#### Task goal
Please give the whole listing again exactly, without any of its pictures.

#### Source material
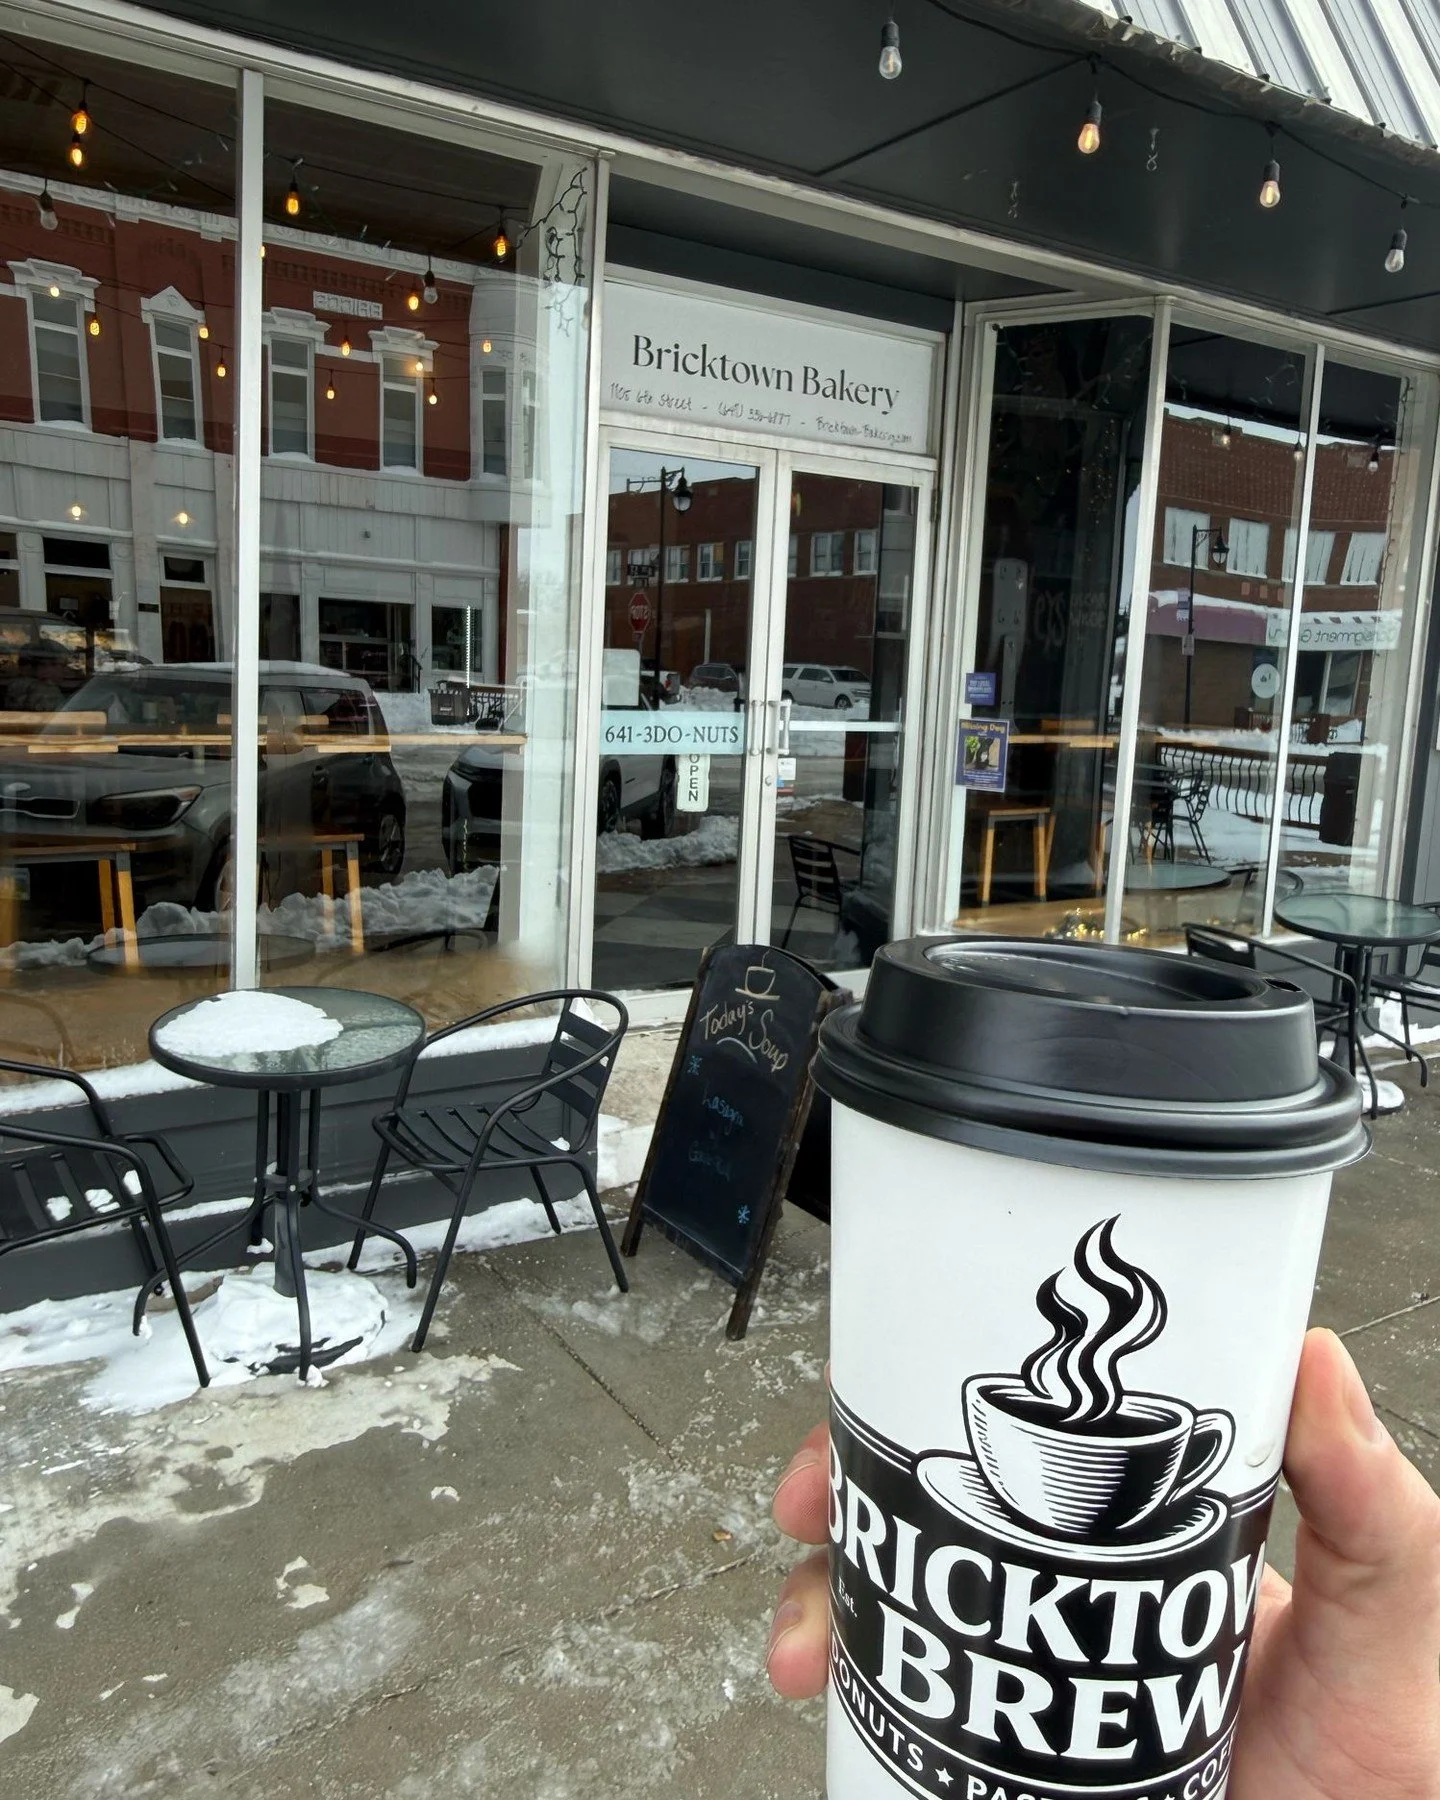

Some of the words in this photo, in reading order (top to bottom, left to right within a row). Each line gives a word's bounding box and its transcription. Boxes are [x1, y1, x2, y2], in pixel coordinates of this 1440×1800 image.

[632, 334, 793, 393] Bricktown
[801, 365, 900, 416] Bakery
[605, 725, 739, 744] 641-3DO-NUTS
[688, 753, 699, 802] OPEN
[700, 1001, 754, 1041] Today's
[749, 1009, 789, 1072] Soup
[829, 1436, 1266, 1665] BRICKTOW
[832, 1631, 924, 1772] DONUTS
[876, 1601, 1247, 1760] BREW
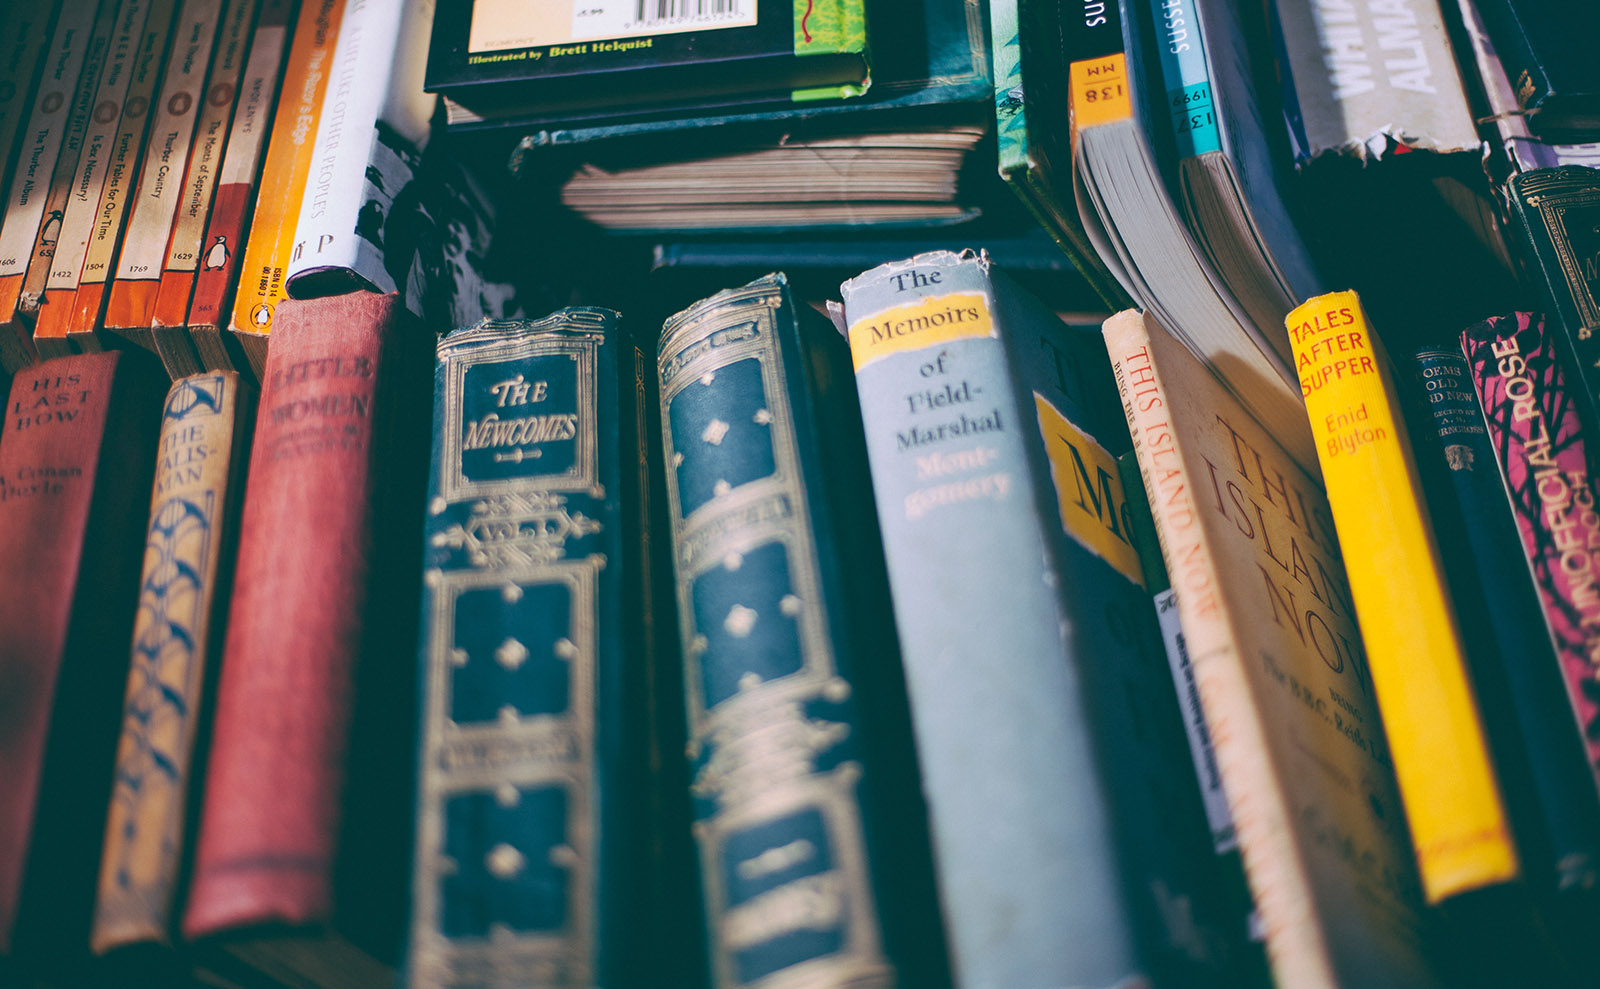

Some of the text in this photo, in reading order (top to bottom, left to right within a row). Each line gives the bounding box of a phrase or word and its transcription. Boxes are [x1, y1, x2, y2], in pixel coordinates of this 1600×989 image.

[1085, 0, 1107, 28] SU
[468, 38, 653, 65] Illustrated by Brett Helquist
[1087, 63, 1115, 77] MM
[1085, 83, 1122, 103] 138
[1172, 88, 1207, 106] 1999
[291, 114, 313, 145] Edge
[324, 102, 347, 154] OTHER
[1177, 112, 1212, 134] 137
[20, 128, 49, 206] The Thurber Album
[76, 135, 104, 202] Is Sex Necessary?
[150, 131, 178, 199] Thurber Country
[189, 120, 221, 218] The Month of September
[98, 132, 133, 241] Further Fables for Our Time
[85, 263, 104, 271] 1504
[129, 265, 148, 273] 1769
[173, 252, 193, 261] 1629
[52, 270, 72, 279] 1422
[272, 267, 282, 282] ISBN
[890, 268, 943, 293] The
[269, 289, 278, 297] 14
[869, 305, 979, 347] Memoirs
[1290, 307, 1355, 345] TALES
[919, 350, 947, 379] of
[1298, 331, 1364, 373] AFTER
[33, 374, 82, 393] HIS
[1300, 356, 1375, 399] SUPPER
[1418, 365, 1461, 381] OEMS
[1425, 378, 1459, 391] OLD
[1491, 336, 1542, 422] ROSE
[14, 390, 92, 415] LAST
[490, 374, 548, 408] THE
[906, 383, 983, 415] Field-
[1114, 361, 1129, 398] BEING
[1124, 400, 1136, 426] THE
[1446, 389, 1473, 403] NEW
[16, 409, 80, 431] BOW
[464, 412, 578, 450] NEWCOMES
[896, 409, 1004, 452] Marshal
[1325, 402, 1369, 435] Enid
[163, 424, 206, 453] THE
[1125, 345, 1163, 412] THIS
[1145, 421, 1194, 530] ISLAND
[1326, 426, 1387, 459] Blyton
[915, 446, 998, 480] Mont-
[903, 473, 1010, 522] gomery
[1216, 414, 1339, 562] THIS
[1201, 454, 1357, 628] ISLAN

#### Answer space
Some of the words in this photo, in reading order (top to bottom, left to right within a row). Each line gives a word's bounding box and its transcription. Boxes are [x1, y1, x2, y2], in pixel coordinates of this 1440×1800 image.

[632, 334, 793, 393] Bricktown
[801, 365, 900, 416] Bakery
[605, 725, 739, 744] 641-3DO-NUTS
[688, 753, 699, 802] OPEN
[700, 1001, 754, 1041] Today's
[749, 1009, 789, 1072] Soup
[829, 1436, 1266, 1665] BRICKTOW
[832, 1631, 924, 1772] DONUTS
[876, 1601, 1247, 1760] BREW

Some of the text in this photo, in reading order (top to bottom, left to right within a row). Each line gives the bounding box of a phrase or word and its transcription. Boxes are [x1, y1, x2, y2], in pixel coordinates of this 1600×989 image.

[1085, 0, 1107, 28] SU
[468, 38, 653, 65] Illustrated by Brett Helquist
[1087, 63, 1115, 77] MM
[1085, 83, 1122, 103] 138
[1172, 88, 1207, 106] 1999
[291, 114, 313, 145] Edge
[324, 102, 347, 154] OTHER
[1177, 112, 1212, 134] 137
[20, 128, 49, 206] The Thurber Album
[76, 135, 104, 202] Is Sex Necessary?
[150, 131, 178, 199] Thurber Country
[189, 120, 221, 218] The Month of September
[98, 132, 133, 241] Further Fables for Our Time
[85, 263, 104, 271] 1504
[129, 265, 148, 273] 1769
[173, 252, 193, 261] 1629
[52, 270, 72, 279] 1422
[272, 267, 282, 282] ISBN
[890, 268, 943, 293] The
[269, 289, 278, 297] 14
[869, 305, 979, 347] Memoirs
[1290, 307, 1355, 345] TALES
[919, 350, 947, 379] of
[1298, 331, 1364, 373] AFTER
[33, 374, 82, 393] HIS
[1300, 356, 1375, 399] SUPPER
[1418, 365, 1461, 381] OEMS
[1425, 378, 1459, 391] OLD
[1491, 336, 1542, 422] ROSE
[14, 390, 92, 415] LAST
[490, 374, 548, 408] THE
[906, 383, 983, 415] Field-
[1114, 361, 1129, 398] BEING
[1124, 400, 1136, 426] THE
[1446, 389, 1473, 403] NEW
[16, 409, 80, 431] BOW
[464, 412, 578, 450] NEWCOMES
[896, 409, 1004, 452] Marshal
[1325, 402, 1369, 435] Enid
[163, 424, 206, 453] THE
[1125, 345, 1163, 412] THIS
[1145, 421, 1194, 530] ISLAND
[1326, 426, 1387, 459] Blyton
[915, 446, 998, 480] Mont-
[903, 473, 1010, 522] gomery
[1216, 414, 1339, 562] THIS
[1201, 454, 1357, 628] ISLAN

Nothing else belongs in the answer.